TASIKMALAYA, RADARTASIK.ID – Ketua Fraksi Gerindra yang juga Anggota Komisi III DPRD Kabupaten Tasikmalaya, Usman Kusmana, menghadiri Musyawarah Perencanaan Pembangunan (Musrenbang) Rencana Kerja Pemerintah Daerah (RKPD) 2027 tingkat Kecamatan Ciawi tahun anggaran 2026 di Kantor Kecamatan Ciawi, Selasa (10/2/2026).

Kehadiran anggota DPRD dalam forum tersebut menegaskan pentingnya pengawalan usulan pembangunan agar selaras dengan kebutuhan riil masyarakat. Musrenbang dinilai menjadi ruang strategis untuk menghimpun aspirasi dan menyusun prioritas program yang akan dibawa ke tingkat kabupaten.

Dalam forum itu, Usman menegaskan bahwa mekanisme Musrenbang harus benar-benar membuka ruang partisipasi publik dan seluruh pemangku kepentingan.

Baca Juga:Sekda Kabupaten Tasikmalaya Jadi Staf Ahli, Bupati Lakukan Rotasi dan Mutasi 24 PejabatGP Ansor Kabupaten Tasikmalaya Kuatkan Kader, Gelar Konsolidasi Organisasi di Enam Zona

“Kami ingin mendorong agar apapun yang dihasilkan dari forum Musrenbang ini untuk prioritas usulannya itu benar-benar mendapatkan atensi yang kuat dari pemerintah daerah,” terang Usman, kepada Radar, Rabu (11/2/2026).

Ia menjelaskan, terdapat tiga usulan utama yang mengemuka dalam Musrenbang Kecamatan Ciawi. Pertama, kebutuhan rehabilitasi kantor kecamatan yang dinilai mendesak untuk menunjang pelayanan publik.
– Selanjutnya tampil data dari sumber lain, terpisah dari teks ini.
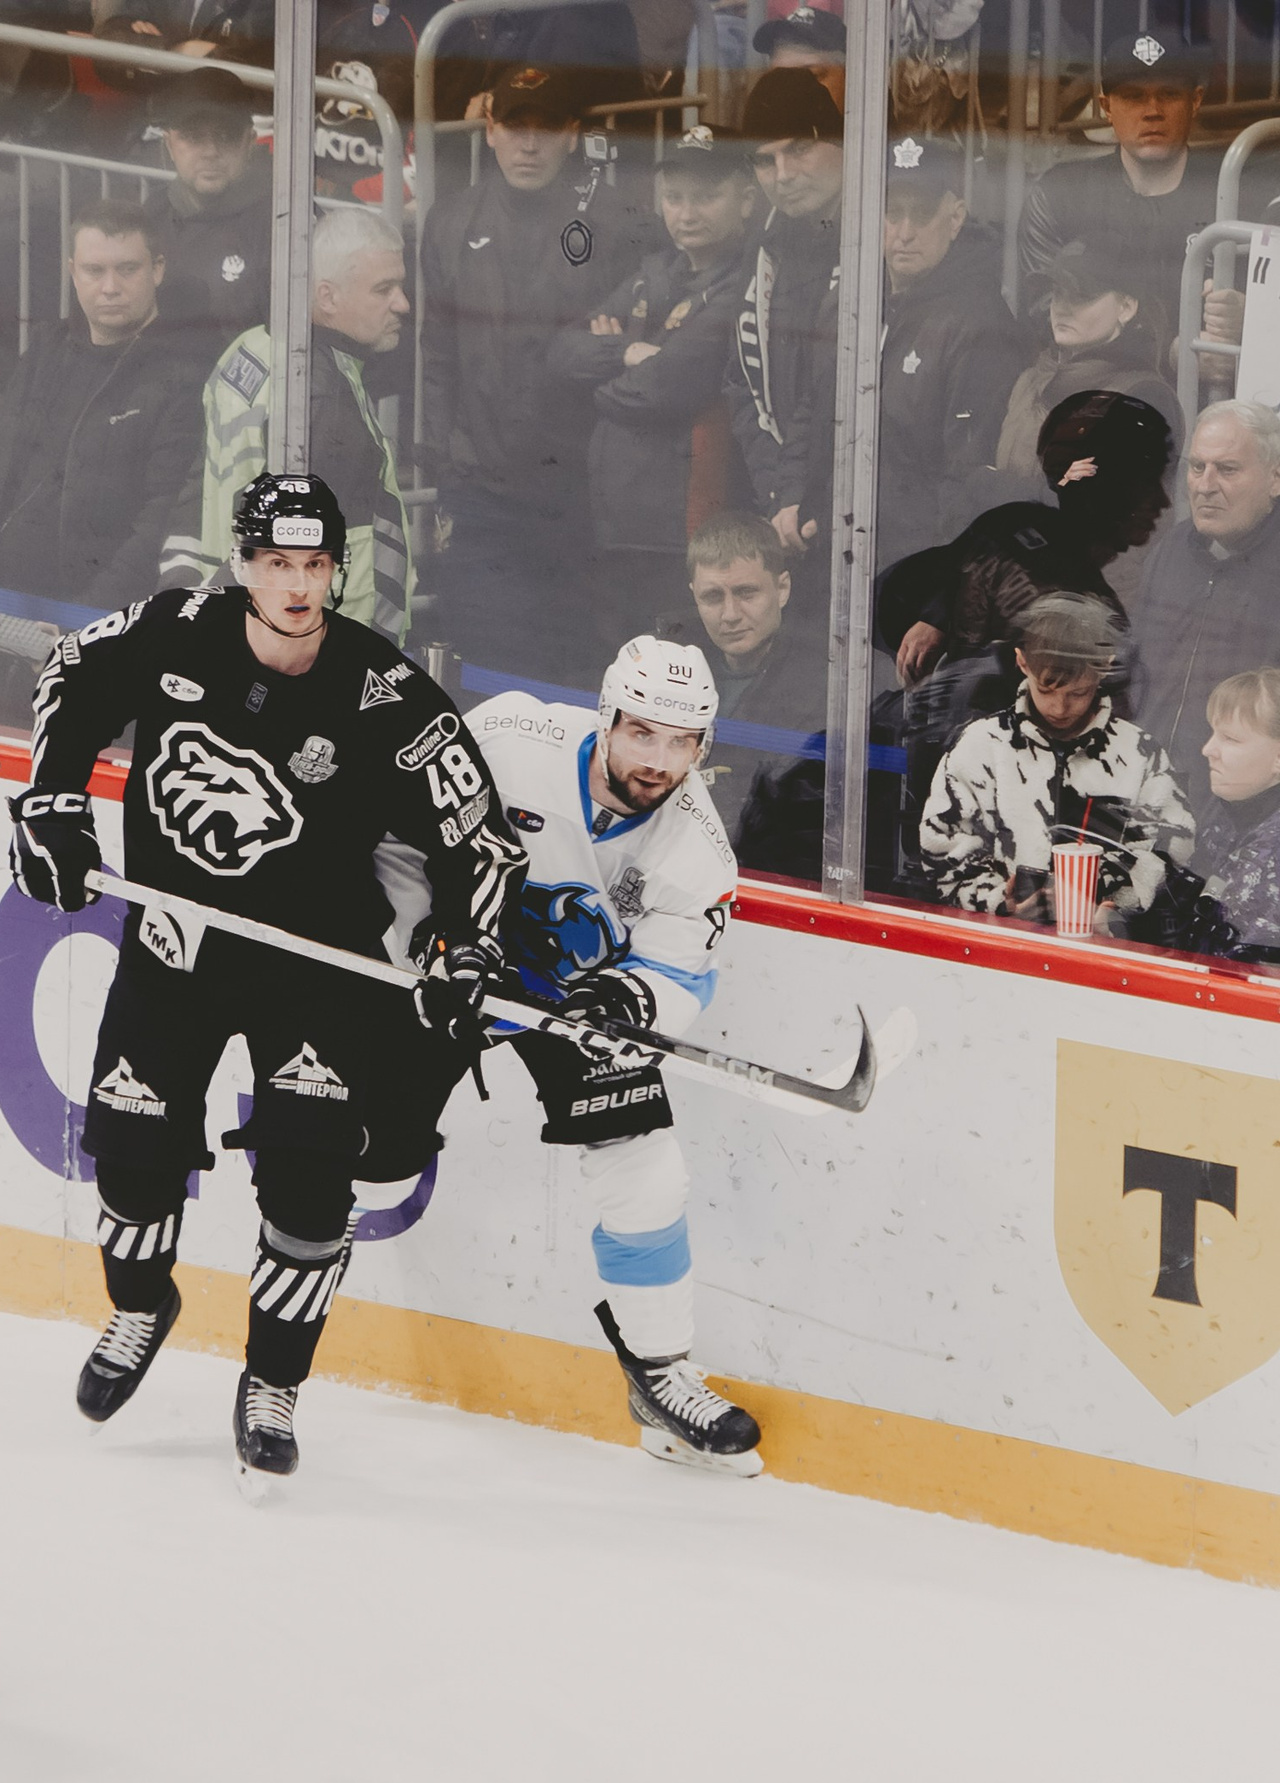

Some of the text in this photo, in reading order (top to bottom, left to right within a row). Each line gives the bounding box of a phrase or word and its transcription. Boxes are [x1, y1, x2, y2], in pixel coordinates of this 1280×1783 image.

Kedua, pembenahan tata kelola dan sarana prasarana persampahan guna meningkatkan kebersihan dan kesehatan lingkungan. Ketiga, pengadaan mobil pemadam kebakaran (damkar) di tingkat kecamatan.

“Nah usulan-usulan ini menjadi atensi dari Komisi III juga, dan sinkron dengan kebutuhan masyarakat khususnya di Kecamatan Ciawi itu seperti ini usulannya,” jelasnya.
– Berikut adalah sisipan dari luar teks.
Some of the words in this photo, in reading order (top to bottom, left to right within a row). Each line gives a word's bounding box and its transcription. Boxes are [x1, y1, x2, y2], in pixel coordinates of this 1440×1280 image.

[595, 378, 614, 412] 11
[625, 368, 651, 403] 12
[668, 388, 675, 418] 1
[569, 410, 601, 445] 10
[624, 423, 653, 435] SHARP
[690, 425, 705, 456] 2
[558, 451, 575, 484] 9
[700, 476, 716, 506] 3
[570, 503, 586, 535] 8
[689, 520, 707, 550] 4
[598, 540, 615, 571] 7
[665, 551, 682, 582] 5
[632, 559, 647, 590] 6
Secara khusus, Komisi III DPRD Kabupaten Tasikmalaya mendorong agar armada pemadam kebakaran tidak lagi tersentral di satu titik, seperti di Kecamatan Singaparna.

Menurut Usman, luasnya wilayah Kabupaten Tasikmalaya menuntut pemerataan fasilitas tanggap darurat.

“Apalah cakupan wilayah Kabupaten Tasikmalaya sangat luas, minimal tersedia di eks tujuh kewedanaan, salah satunya di Kecamatan Ciawi,” dorong Usman.

Baca Juga:Anggota DPRD Kabupaten Tasikmalaya Aldira Yusup Soroti Penutupan Tambang Emas: WPR Belum Dirasakan Rakyat!Anggota DPRD Jabar Arip Rachman Salurkan 2.500 kWh Listrik Gratis untuk Warga Kurang Mampu di Tasikmalaya

Ia mengingatkan, keterlambatan penanganan kebakaran akibat jarak tempuh armada dapat berujung pada kerugian besar bagi masyarakat.

“Nah kita mendorong semua stakeholder yang ada di Kecamatan Ciawi, dapat merumuskan dan merancang kebutuhan riil masyarakat supaya tertuang dalam dokumen perencanaan yang dibawa ke Musrenbang tingkat Kabupaten Tasikmalaya,” tambah Usman.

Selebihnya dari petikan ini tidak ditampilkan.